Richard Linklater's movies are filled with energy in small doses. Dense philosophical ramblings surround the flimsiest of plots; a casual air meets existentialism. While discussed for ages as a "spiritual sequel" to his seventies-set high school classic "Dazed and Confused" — and set just a few years later — the college baseball comedy "Everybody Wants Some!!" contains many of the best ingredients found throughout Linklater's career: A carefree attitude about life paired with sneakier observations about its deeper mysteries.
As with his sweeping "Before" trilogy and the ambitious 12-year production cycle of "Boyhood," the new movie also cleverly toys with time. Cramming three days of hard-partying antics into slightly less than two hours, "Everybody Wants Some!!" unfolds in the final days of summer at a small Texas college, in which the responsibilities of adulthood lurk just outside the frame. Endlessly charming and sneakily wise, "Everybody Wants Some!!" epitomizes Linklater's unique ability to magnify human behavior with levity.

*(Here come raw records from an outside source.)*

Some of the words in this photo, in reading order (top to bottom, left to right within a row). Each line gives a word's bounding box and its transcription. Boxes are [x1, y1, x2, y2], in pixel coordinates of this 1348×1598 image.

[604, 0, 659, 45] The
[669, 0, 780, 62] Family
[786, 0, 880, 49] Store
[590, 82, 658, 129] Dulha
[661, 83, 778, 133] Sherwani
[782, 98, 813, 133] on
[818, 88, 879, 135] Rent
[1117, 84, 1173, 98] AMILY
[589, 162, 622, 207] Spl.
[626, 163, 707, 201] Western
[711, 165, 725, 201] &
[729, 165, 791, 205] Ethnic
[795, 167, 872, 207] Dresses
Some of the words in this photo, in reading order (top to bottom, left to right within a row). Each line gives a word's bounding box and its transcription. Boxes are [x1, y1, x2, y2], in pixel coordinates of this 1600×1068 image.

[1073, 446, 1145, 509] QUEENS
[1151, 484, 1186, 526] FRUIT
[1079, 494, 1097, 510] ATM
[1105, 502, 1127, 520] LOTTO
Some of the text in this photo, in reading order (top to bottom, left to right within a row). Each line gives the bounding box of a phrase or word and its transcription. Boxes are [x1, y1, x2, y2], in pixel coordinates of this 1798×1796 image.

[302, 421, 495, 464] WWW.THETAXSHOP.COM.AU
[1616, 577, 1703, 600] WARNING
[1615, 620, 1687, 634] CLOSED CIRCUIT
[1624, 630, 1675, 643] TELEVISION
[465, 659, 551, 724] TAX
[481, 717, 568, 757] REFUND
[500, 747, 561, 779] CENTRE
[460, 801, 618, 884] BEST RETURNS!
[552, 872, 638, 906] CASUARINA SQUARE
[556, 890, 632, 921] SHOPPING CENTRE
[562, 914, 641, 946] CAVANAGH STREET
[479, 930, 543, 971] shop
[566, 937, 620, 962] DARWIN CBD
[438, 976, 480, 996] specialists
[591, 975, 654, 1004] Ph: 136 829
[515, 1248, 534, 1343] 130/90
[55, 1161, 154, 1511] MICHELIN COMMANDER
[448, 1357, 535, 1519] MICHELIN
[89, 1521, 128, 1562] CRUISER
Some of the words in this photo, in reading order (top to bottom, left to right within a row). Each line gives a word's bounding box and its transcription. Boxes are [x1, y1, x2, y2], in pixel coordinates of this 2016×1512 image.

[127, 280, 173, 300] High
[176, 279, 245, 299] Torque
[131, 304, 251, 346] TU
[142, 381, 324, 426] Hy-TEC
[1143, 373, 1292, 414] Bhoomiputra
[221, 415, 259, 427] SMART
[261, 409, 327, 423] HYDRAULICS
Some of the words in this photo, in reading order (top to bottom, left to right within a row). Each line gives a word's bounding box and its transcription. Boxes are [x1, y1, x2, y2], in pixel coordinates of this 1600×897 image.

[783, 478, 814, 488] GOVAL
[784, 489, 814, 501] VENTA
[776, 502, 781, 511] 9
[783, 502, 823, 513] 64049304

Set in 1980 and dominated by goofy jocks sporting period-appropriate mustaches, the movie lingers in its vibrant characters' point of view. These include soft-spoken Jake (Blake Jenner), the boisterous Roeper (Ryan Guzman), stoner Willoughby (Wyatt Russell) and fast-talking ladies' man Nesbit (Ausin Amelio, whose lanky frame and chatty demeanor make him a natural heir to Matthew McConaughey's iconic "Dazed" persona). Careening through a series of lively parties and eventually playing a little ball, this group of grinning dudes are the engine of the minuscule plot. While Jake eventually develops promising chemistry with Beverly (Zoey Deutch), women remain largely sidelined by Linklater's masculine showcase, but the limited perspective gives the movie its main hook: Their naiveté is the whole point.
Set to a typically vibrant soundtrack that includes Blondie and Talking Heads, "Everybody Wants Some!!" turns passing asides into perceptive moments. Like the uptempo of those songs, its rhythms are both freewheeling and calculated. A prolonged bong-smoking session could be inserted into the vignette-based structure of "Slacker" and not look out of place: The prolonged sequence includes a keen Van Halen takedown, tidbits of anti-corporate screed, and a climactic attempt at telepathy that's only done partly in jest.
As Willoughby singles out music that finds "tangents within the framework," so too does Linklater establish a pattern of easygoing behavior that finds its way to bigger ideas. In the midst of a heated pool game, several beers deep, Nesbit considers the value in "being who you are, not what they want — that's when it gets fun." Such vague jabs at conformist society epitomize the reckless youth of many Linklater movies, including the ones in which older characters look back. But none of them crop up here, which gives "Everybody Wants Some!!" the aura of an R-rated "Peanuts" cartoon.
Simple and profound in equal doses, it's a poignant doodle from the master of tossed-off reflection. Whether discerning the meaning from the discovery of a single joint left atop a Pink Floyd album, or cackling their way through freshman hazing rituals — even when they're the butt of the joke — this raucous gang never stops grinning.
At times, "Everybody Wants Some!!" rolls along so casually that even its endearing characters can't salvage the meandering nature of the thin-boned plot, and not every chatty sequence merits the lengthy screen time. But it's a testament to the unique charisma of Linklater's ensemble and the steady hand driving the exposition that the movie never drags. Instead, Linklater provides a delightful snapshot of what it means to live without consequence. Just when class time finally arrives and it looks as though the good times may finally dissipate, "Everybody Wants Some!!" suggests it may be possible to keep the dream alive. With his ceaselessly thoughtful filmography, Linklater has done just that.
"Everybody Wants Some!!" opened the 2016 SXSW Film Festival. Paramount opens the film in limited release on April 1, followed by a nationwide expansion.